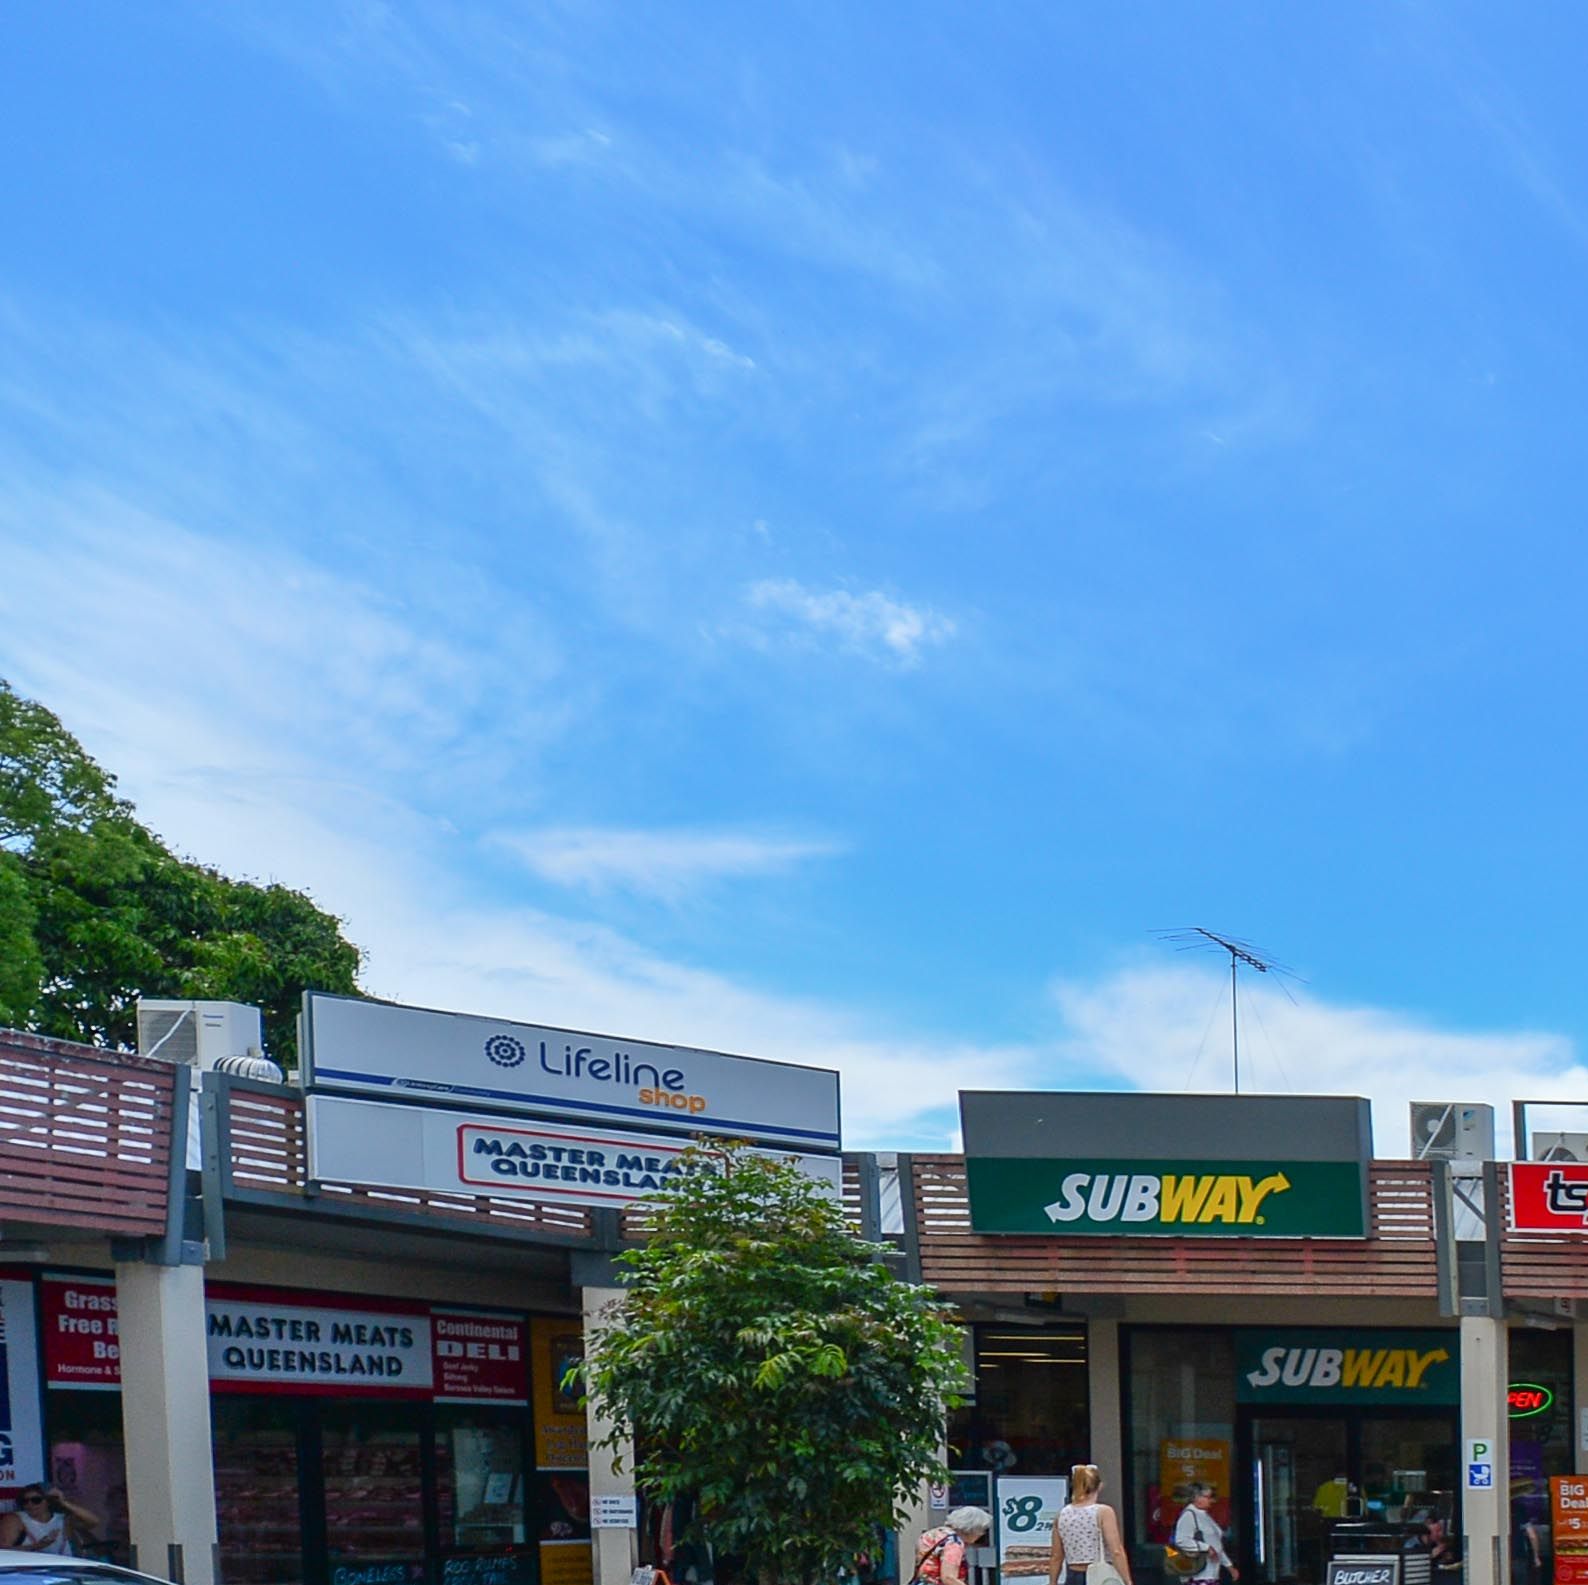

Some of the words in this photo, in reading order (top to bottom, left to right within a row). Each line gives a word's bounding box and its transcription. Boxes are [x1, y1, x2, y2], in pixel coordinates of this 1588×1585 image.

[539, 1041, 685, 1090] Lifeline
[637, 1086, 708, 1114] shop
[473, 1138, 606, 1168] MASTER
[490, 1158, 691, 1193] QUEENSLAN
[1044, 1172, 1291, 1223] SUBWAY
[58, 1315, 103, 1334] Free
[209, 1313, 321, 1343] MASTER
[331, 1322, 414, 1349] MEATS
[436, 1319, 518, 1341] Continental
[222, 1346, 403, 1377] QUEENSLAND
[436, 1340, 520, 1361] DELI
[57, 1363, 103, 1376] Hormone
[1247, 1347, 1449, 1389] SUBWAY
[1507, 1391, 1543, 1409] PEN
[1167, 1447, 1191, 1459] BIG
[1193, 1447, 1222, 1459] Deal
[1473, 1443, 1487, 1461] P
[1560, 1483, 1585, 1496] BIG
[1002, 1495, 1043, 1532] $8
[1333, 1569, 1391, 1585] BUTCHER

---+---

**What you need to do**
Reproduce each entry word for word and cut the images.

**Task result**
Some of the words in this photo, in reading order (top to bottom, left to right within a row). Each line gives a word's bounding box and its transcription. Boxes are [x1, y1, x2, y2], in pixel coordinates of this 1588×1585 image.

[539, 1041, 685, 1090] Lifeline
[637, 1086, 708, 1114] shop
[473, 1138, 606, 1168] MASTER
[490, 1158, 691, 1193] QUEENSLAN
[1044, 1172, 1291, 1223] SUBWAY
[58, 1315, 103, 1334] Free
[209, 1313, 321, 1343] MASTER
[331, 1322, 414, 1349] MEATS
[436, 1319, 518, 1341] Continental
[222, 1346, 403, 1377] QUEENSLAND
[436, 1340, 520, 1361] DELI
[57, 1363, 103, 1376] Hormone
[1247, 1347, 1449, 1389] SUBWAY
[1507, 1391, 1543, 1409] PEN
[1167, 1447, 1191, 1459] BIG
[1193, 1447, 1222, 1459] Deal
[1473, 1443, 1487, 1461] P
[1560, 1483, 1585, 1496] BIG
[1002, 1495, 1043, 1532] $8
[1333, 1569, 1391, 1585] BUTCHER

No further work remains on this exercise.